Le fait qu’on ait opté dans le cadre d’une SARL pour le régime fiscal des sociétés de personnes est sans conséquence en matière sociale : les cotisations sont dues sur les appointements versés sans qu’il y ait lieu d’inclure dans l’assiette les droits aux résultats bénéficiaires.

Réduction de plafond. — Il n’est pas possible d’appliquer un plafond réduit au dirigeant en exercice, même lorsque l’entreprise procède à une fermeture saisonnière et qu’il n’est pas rémunéré. En effet, quelle que soit la périodicité de la paye, son mandat social n’est pas interrompu (Cass. soc., 4 févr. 1993, no 91-12.164 ; Cass. soc., 11 juill. 2002, no 01-20.232).

Il ne peut y avoir de neutralisation du plafond de sécurité sociale que si l’intéressé se trouve, suite à un arrêt de travail pour maladie ou accident, dans l’impossibilité de remplir son mandat et ne perçoit pas de rémunération de l’entreprise (Cass. soc., 11 avr. 1991, no 88-16.932).

Attention, un gérant en arrêt de travail non rémunéré qui perçoit des redevances issues de la location-gérance du fonds de commerce ne peut pas bénéficier d’une neutralisation de plafond pour cette période qui se trouve ainsi rémunérée, même si le revenu de la location n’est perçu qu’en fin d’année.

Comment se présente le bulletin de paye lorsque le dirigeant cumule son mandat avec un contrat de travail ?

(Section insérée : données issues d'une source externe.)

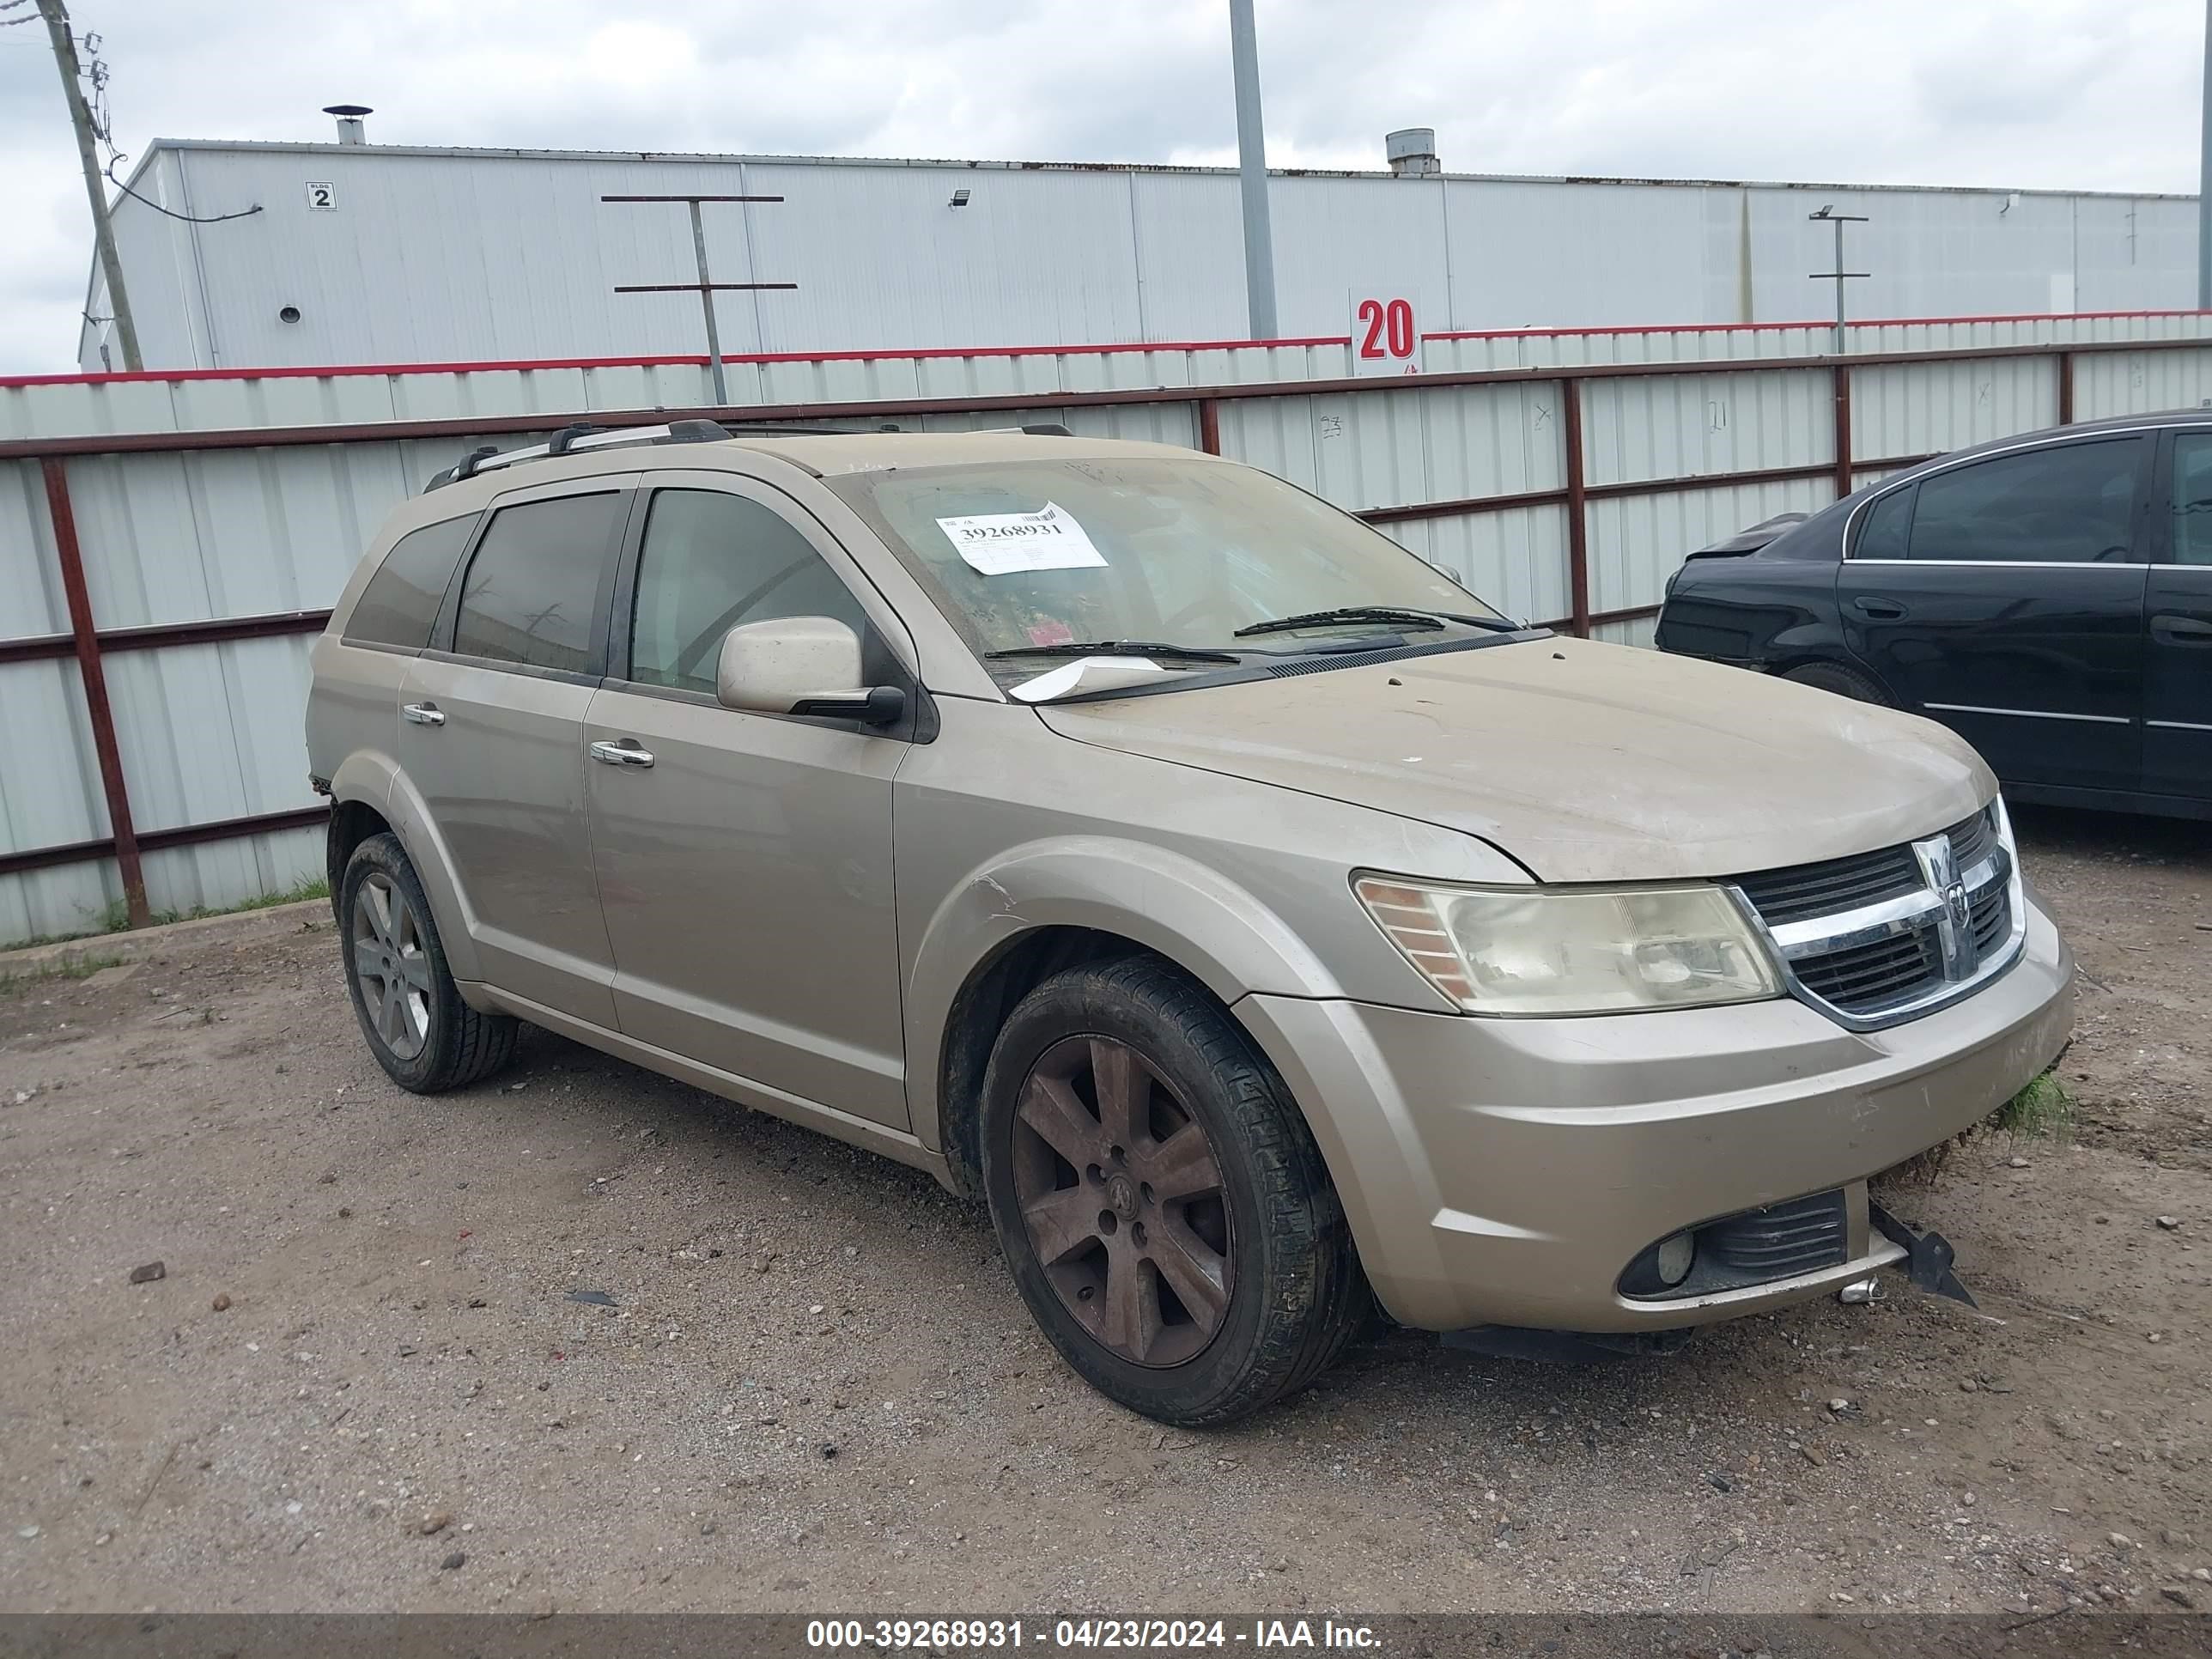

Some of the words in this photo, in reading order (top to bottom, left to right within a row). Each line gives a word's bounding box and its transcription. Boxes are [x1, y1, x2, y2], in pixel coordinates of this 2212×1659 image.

[314, 189, 331, 207] 2
[1358, 298, 1415, 360] 20
[960, 524, 1064, 540] 39268931

Dans ce cas, le droit du travail s’applique au dirigeant mais au titre de sa seule activité salariée. Concrètement, au titre de cette rémunération salariée (et seulement de cette rémunération) :

  • il bénéficie du Code du travail, de la convention collective, du Smic et des minima conventionnels ;
  • toutes les règles relatives au salaire lui sont applicables : périodicité du paiement, remise d’un bulletin de paye, saisie, prescription, etc. ;
  • ce sont les charges habituelles des salariés qui sont applicables ; le salaire est donc soumis à cotisations de sécurité sociale, retraite complémentaire (Arrco-Agirc), assurance chômage, etc. ;
  • l’assiette minimale de cotisations doit lui être appliquée (Cass. soc., 28 mars 1984, no 82-12.800) ;
  • il bénéficie de l’abattement forfaitaire pour frais prévu pour certaines professions (voir no 220-35).

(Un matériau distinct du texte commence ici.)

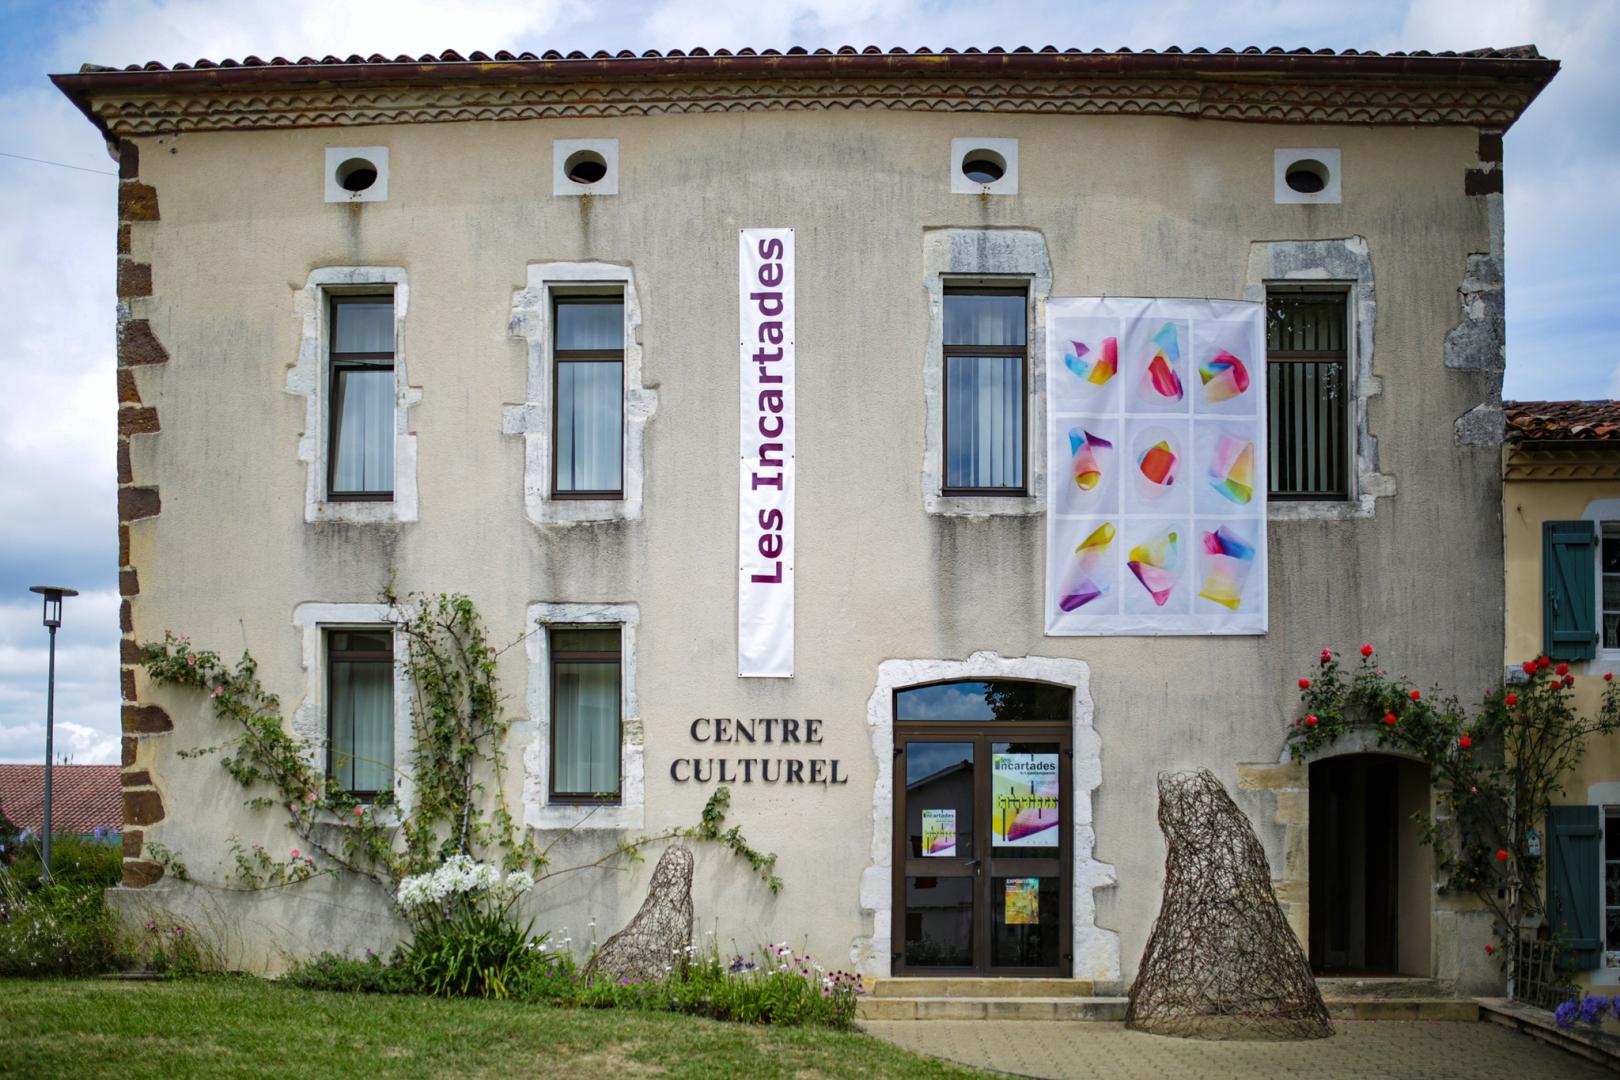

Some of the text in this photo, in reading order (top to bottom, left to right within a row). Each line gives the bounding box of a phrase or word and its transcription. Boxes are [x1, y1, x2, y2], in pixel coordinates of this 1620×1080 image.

[750, 237, 783, 584] Les Incartades
[690, 718, 824, 743] CENTRE
[670, 758, 848, 784] CULTUREL

Le plafond de cotisations est apprécié en cumulant la rémunération du mandat et du contrat de travail (le dirigeant relève en effet du régime général dans les deux cas). Concrètement, selon l’Acoss, il faut distinguer deux hypothèses :

  • 1o) la rémunération perçue au titre du contrat de travail atteint le plafond

    Les cotisations plafonnées figureront sur le bulletin de paye « salarié », l’assiette plafonnée sera égale à 0 sur le bulletin de paye afférant au mandat social ;

  • 2o) chaque rémunération est inférieure au plafond

    L’assiette plafonnée du bulletin de paye « salarié » sera égale au salaire mensuel brut. L’assiette plafonnée du bulletin de paye « mandat social » sera égale à :

    • la rémunération versée au titre du mandat si le cumul des deux rémunérations n’atteint pas le plafond ;
    • la différence entre le plafond mensuel et l’assiette figurant sur le bulletin de paye « salarié » si les cumuls des deux rémunérations est égal ou dépasse le plafond.

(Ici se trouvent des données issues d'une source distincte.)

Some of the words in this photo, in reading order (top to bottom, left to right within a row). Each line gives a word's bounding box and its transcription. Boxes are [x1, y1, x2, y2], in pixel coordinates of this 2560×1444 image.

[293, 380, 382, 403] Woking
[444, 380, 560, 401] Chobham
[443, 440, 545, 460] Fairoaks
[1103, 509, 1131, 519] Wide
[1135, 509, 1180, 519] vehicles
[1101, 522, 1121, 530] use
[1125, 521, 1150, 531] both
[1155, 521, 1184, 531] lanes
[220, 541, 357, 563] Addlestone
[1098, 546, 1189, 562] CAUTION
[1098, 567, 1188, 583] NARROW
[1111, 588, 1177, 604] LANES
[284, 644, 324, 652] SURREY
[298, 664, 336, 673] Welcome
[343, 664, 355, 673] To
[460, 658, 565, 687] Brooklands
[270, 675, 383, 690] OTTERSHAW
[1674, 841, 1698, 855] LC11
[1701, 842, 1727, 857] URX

Sachez-le :le versement des rémunérations constitue le fait générateur de l’obligation de cotiser, quelles que soient les modalités retenues pour leur évaluation et leur règlement (Cass. 2e civ., 25 avr. 2013, no 12-19.144).

Attention, en cas de cumul du mandat social et d’un contrat de travail, il est conseillé d’établir deux bulletins de paye correspondant à chaque fonction.